Gudskul. A collective and contemporary art ecosystem formed by Ruangrupa, Serrum, and Grafis Huru Hara. They came up with a cool card game, whereby interesting questions about collective’s organisation, culture, finance, and art are posed.
I will finish with one work that strongly resonated with me and a revelation!
The Free University is Changing as You Listen to This: An Audio Play for Six Voices and Three Speakers made by Jakob Jakobsen in relation to the Free University of New York. Jakobsen recorded three speakers who voiced the testimonies of six individuals in different phases of their engagement with the Free University of New York. What brought them to look for alternative circles of learning, their impression of the class and teachers, and their thoughts around leadership, revolution, mainstream, and institutionalism consist of the more informative part of what one can learn about the university, while the complementary aspect is the spirit of the place, imparted successfully by the sensitive dubbing. The piece delivers a polyphonic view of a place that, to my impression, was envisioned to faithfully sustain complexity, diversity, solidarity, and conflict. The enthusiast speakers portray a place where imperfection and spontaneous actions reside. I listen to them for a while, gradually feeling like I can identify with their energy, like I can personally relate to their experience of curiosity, belongingness, and draw to this communal dynamic of exploration. Wait, of course I can(!).

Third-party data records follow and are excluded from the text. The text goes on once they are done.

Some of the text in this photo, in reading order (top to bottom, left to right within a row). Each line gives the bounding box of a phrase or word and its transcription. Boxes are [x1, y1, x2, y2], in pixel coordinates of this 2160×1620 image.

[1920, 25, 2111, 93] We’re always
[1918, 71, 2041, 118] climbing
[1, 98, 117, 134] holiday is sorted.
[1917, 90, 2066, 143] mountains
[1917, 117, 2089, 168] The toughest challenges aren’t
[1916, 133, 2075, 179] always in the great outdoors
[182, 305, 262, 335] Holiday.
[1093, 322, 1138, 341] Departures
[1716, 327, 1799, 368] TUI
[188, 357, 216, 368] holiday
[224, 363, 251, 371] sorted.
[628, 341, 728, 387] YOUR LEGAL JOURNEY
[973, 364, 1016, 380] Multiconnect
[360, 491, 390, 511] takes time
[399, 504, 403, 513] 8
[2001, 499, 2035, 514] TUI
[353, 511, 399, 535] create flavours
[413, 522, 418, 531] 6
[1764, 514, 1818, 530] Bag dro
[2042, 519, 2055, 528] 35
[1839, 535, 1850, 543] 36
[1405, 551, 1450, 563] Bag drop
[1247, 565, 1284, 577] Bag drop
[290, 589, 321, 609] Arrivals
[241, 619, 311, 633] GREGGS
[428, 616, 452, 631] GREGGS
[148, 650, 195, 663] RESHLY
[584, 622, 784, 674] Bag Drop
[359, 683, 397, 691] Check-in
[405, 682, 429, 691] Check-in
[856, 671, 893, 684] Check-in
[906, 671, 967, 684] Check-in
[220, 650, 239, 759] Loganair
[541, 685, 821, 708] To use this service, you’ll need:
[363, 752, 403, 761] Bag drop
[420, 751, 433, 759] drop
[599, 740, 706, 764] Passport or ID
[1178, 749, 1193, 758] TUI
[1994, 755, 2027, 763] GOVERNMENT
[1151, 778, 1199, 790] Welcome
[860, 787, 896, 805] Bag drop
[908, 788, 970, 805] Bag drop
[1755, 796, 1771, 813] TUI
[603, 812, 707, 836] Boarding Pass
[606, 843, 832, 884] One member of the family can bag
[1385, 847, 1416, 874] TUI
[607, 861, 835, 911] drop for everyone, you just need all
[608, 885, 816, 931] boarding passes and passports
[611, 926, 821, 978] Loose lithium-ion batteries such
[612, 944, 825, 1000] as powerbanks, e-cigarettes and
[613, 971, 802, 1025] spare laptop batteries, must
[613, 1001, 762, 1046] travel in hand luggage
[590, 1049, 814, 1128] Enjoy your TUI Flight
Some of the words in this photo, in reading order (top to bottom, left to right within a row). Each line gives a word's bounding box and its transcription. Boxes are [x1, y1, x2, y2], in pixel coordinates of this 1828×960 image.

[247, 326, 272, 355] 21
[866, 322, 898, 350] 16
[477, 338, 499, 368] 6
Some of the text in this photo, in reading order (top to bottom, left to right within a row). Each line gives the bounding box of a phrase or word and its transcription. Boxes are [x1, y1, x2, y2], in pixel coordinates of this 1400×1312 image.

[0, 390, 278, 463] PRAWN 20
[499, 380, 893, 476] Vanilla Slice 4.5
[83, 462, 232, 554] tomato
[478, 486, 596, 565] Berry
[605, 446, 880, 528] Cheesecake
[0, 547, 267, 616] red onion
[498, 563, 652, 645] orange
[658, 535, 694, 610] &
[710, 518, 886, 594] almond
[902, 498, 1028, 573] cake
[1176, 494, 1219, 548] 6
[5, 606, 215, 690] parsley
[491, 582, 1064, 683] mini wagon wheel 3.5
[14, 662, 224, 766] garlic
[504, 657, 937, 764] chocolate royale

It was this mere second of “how have I never thought about it in the context of what I am labouring for every day?!” For six years of my childhood, I have actively participated and guided in a youth movement. Hanoar Haoved VeHalomed (the working and studying youth, in direct translation from Hebrew) was a socialist voluntary afterschool programme that took place twice a week, where we would learn, create, and discuss a wide array of themes, from present political issues until our own interpersonal dynamic and concerns. It worked in a format of groups that were guided by one or two guides that were older than us in a few years. The group that I was a member of consisted of about fifteen members and was assembled when we were in 5th grade. We have started our path as kids and matured together through the voluntary work, the seminars, the camps and trips; we pursued utmost solidarity and care for each other. It was always my conviction that my upbringing concerned much with the youth movement that took a huge part in the consolidation of my moral and ethical ground. Today I realise the movement from a more informed angle; it was a social experiment, distinctively different in form and matter than ordinary school. Formally, it was an alternative, emotionally it was my home and family.
Go and watch the Ignorant Art School. Curious what you will discover…
Sit-in #2 To be Potential, open to view until 19th February 2022, at the Cooper Gallery, University of Dundee.